Type out the complete listing below word for word, without its pictures.

Source records:

· · · · ·

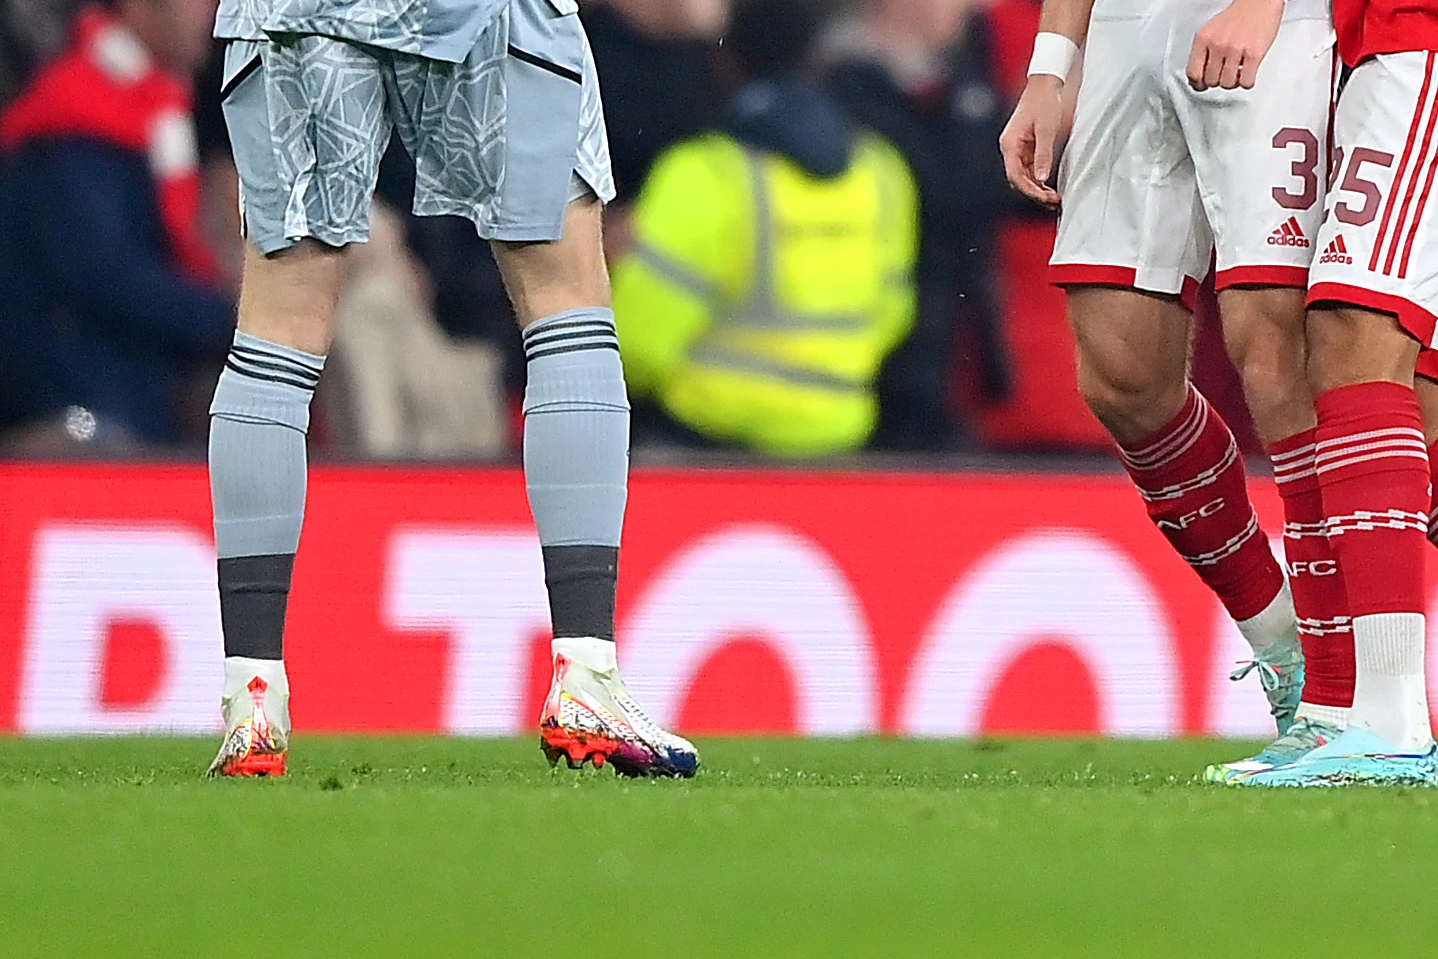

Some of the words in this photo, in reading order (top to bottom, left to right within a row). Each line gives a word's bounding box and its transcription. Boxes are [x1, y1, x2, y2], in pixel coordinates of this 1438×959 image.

[1271, 127, 1319, 211] 3
[1322, 145, 1395, 227] 5
[1267, 234, 1310, 249] adidas
[1157, 497, 1226, 531] AFC
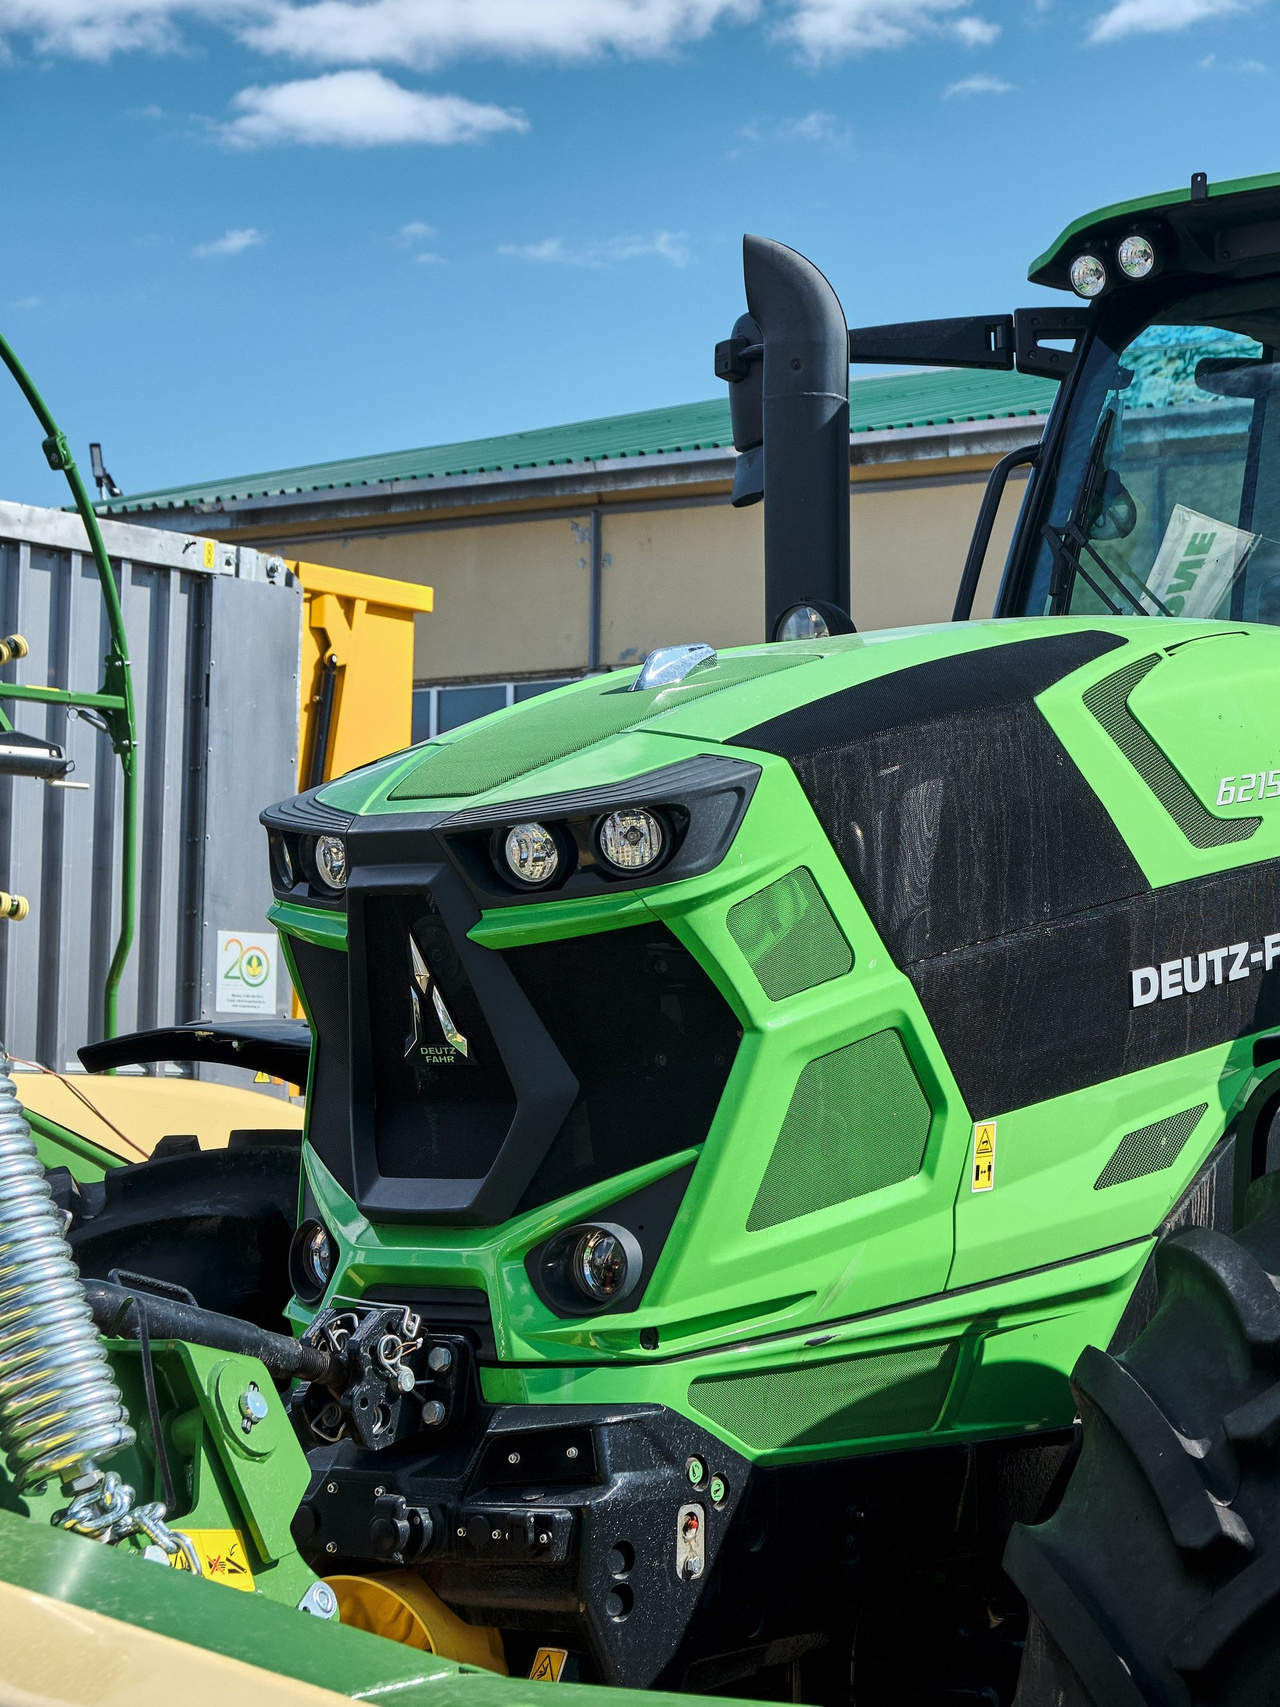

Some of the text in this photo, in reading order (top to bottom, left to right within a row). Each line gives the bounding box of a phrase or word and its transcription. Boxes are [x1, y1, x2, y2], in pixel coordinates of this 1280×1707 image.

· · · · ·

Solution to the exercise:
Some of the words in this photo, in reading order (top to bottom, left to right within a row). Each line gives a word's bounding box and its transcription. Boxes are [x1, y1, x2, y2], in pixel coordinates of this 1438×959 image.

[1271, 127, 1319, 211] 3
[1322, 145, 1395, 227] 5
[1267, 234, 1310, 249] adidas
[1157, 497, 1226, 531] AFC

Some of the text in this photo, in reading order (top to bottom, left to right within a row). Each line gives the bounding box of a phrase or word and its transcription. Boxes are [x1, y1, x2, y2], in pixel coordinates of this 1280×1707 image.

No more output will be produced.